The orbital decompression is likely to subvert the orbital anatomy, and it could justify the higher number of muscles operated, and the higher number of surgeries required in the DS compared to NDS. In the present study, the most frequent decompression surgery performed was inferomedial decompression through a trans antral approach, accounting for 80.9% of cases. While praised for its efficacy and lack of visible scarring, this approach is also known to elevate post-operative motility imbalance by restricting abduction and/or elevation [17]. Therefore, the results of our study confirm the highest incidence of induced diplopia after the trans antral approach, but also suggest that strabismus could be present after any type of decompression technique. Future studies stratifying patients according to the different decompression surgical techniques are needed in order to understand how different approaches can impact long-term outcomes after strabismus surgery.

Thus, the pathogenesis of TAO-related strabismus differs between DS and NDS groups, requiring different surgical approaches. In the NDS, unidirectional and one-muscle surgery led to good surgical outcomes, and in most cases, one surgery was enough to resolve the diplopia and ameliorate the ocular motility. In the DS, it was necessary to perform bidirectional surgery and multi-muscle surgery, with a higher number of surgical procedures.

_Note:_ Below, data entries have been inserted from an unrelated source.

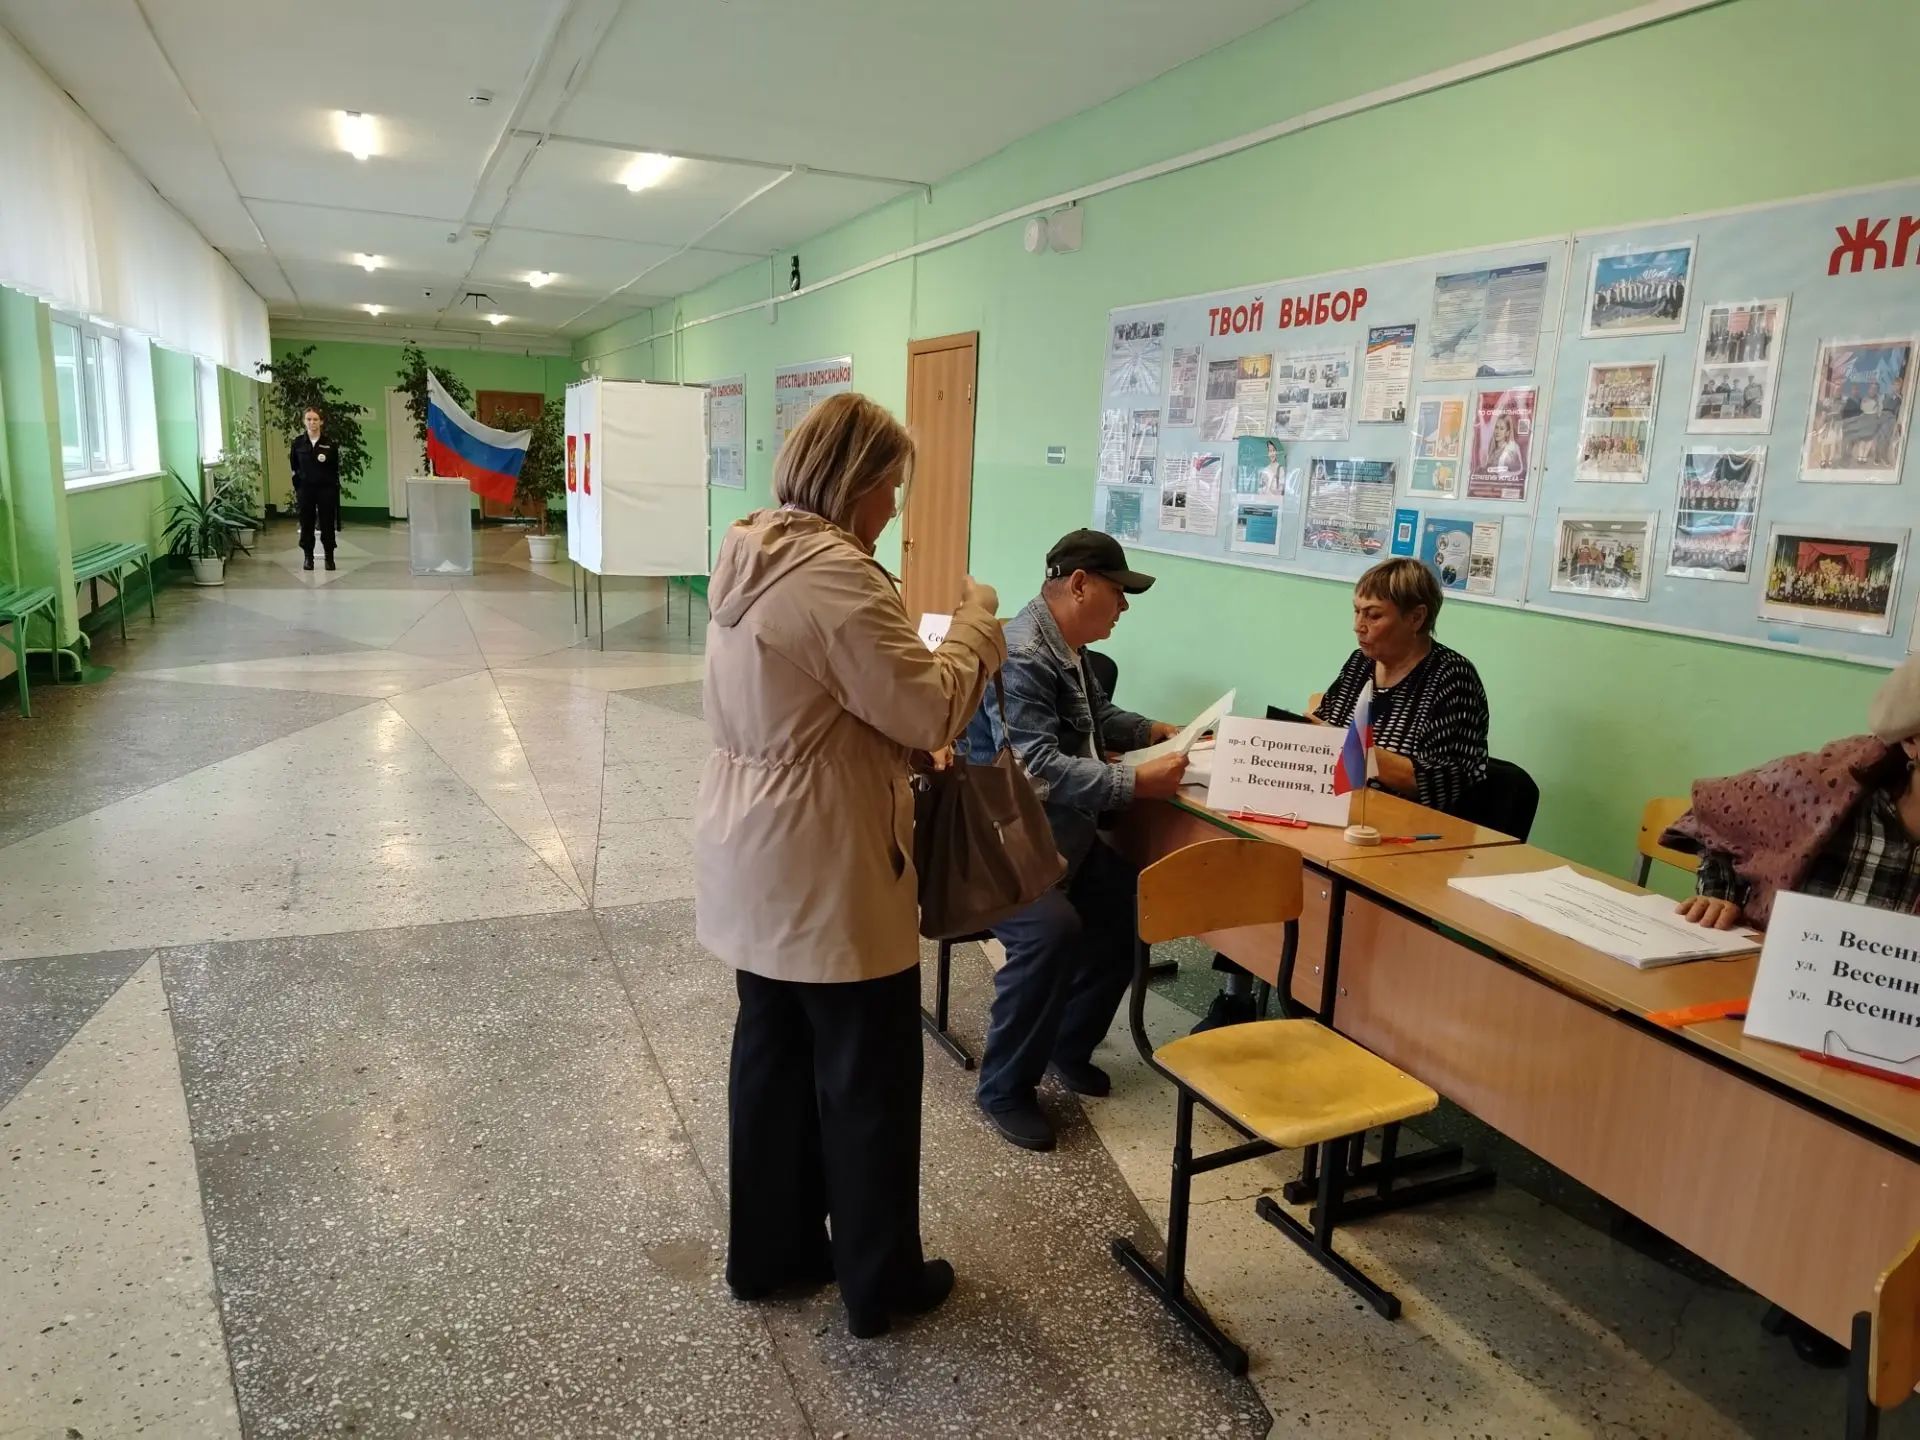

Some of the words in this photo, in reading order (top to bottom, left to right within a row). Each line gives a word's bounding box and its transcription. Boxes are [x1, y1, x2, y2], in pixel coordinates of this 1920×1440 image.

[1209, 296, 1264, 337] ТВОЙ
[1279, 288, 1368, 329] ВЫБОР
[1250, 755, 1317, 774] Весенняя,
[1247, 774, 1315, 793] Весенняя,
[1801, 931, 1824, 942] ул.
[1795, 960, 1816, 972] ул.
[1788, 989, 1810, 1001] ул.

Regarding the impact on daily activities, 62,2% of patients did not have any impairment after a mean of 6 years from surgery, suggesting that successful surgical outcomes significantly improved quality of life in TAO patients. Nonetheless, the DS most frequently used prism lenses in daily life activity in order to relieve the diplopia compared to NDS (57.1% vs. 20.8%, p = 0.016). Prism lenses are effective in correcting the residual strabismus after strabismus surgery, but their use is associated with side effects, such as headaches, dizziness, eye strain, and pulling [18, 19].

The main strength of our study is the long-term follow-up. To the best of our knowledge, this is the study with the longest follow-up assessing the effects of orbital decompression on strabismus surgery in patients with TAO. Limitations of our study are the retrospective nature, and the relatively limited number of patients. Furthermore, additional investigations are necessary to evaluate the outcomes of strabismus surgery in patients who undergo decompression for cosmetic purposes compared to those who receive surgery in cases where visual function is at risk due to corneal exposure or optic nerve compression.

Conclusion

The management of TAO-related strabismus is challenging, especially in TAO patients with previous orbital decompression. Our study showed that DS patients required almost twice the number of strabismus surgical procedures, a higher number of extraocular muscles recessed in the first surgery, and an increased need for prism lenses in order to correct the residual deviation compared to the NDS, but with similar long-term surgical outcomes. Thereupon, patients who are offered orbital decompression should be informed that potential subsequent strabismus would require more surgical procedures than non-decompressed patients, with an increased need for prism lenses in order to correct the residual deviation.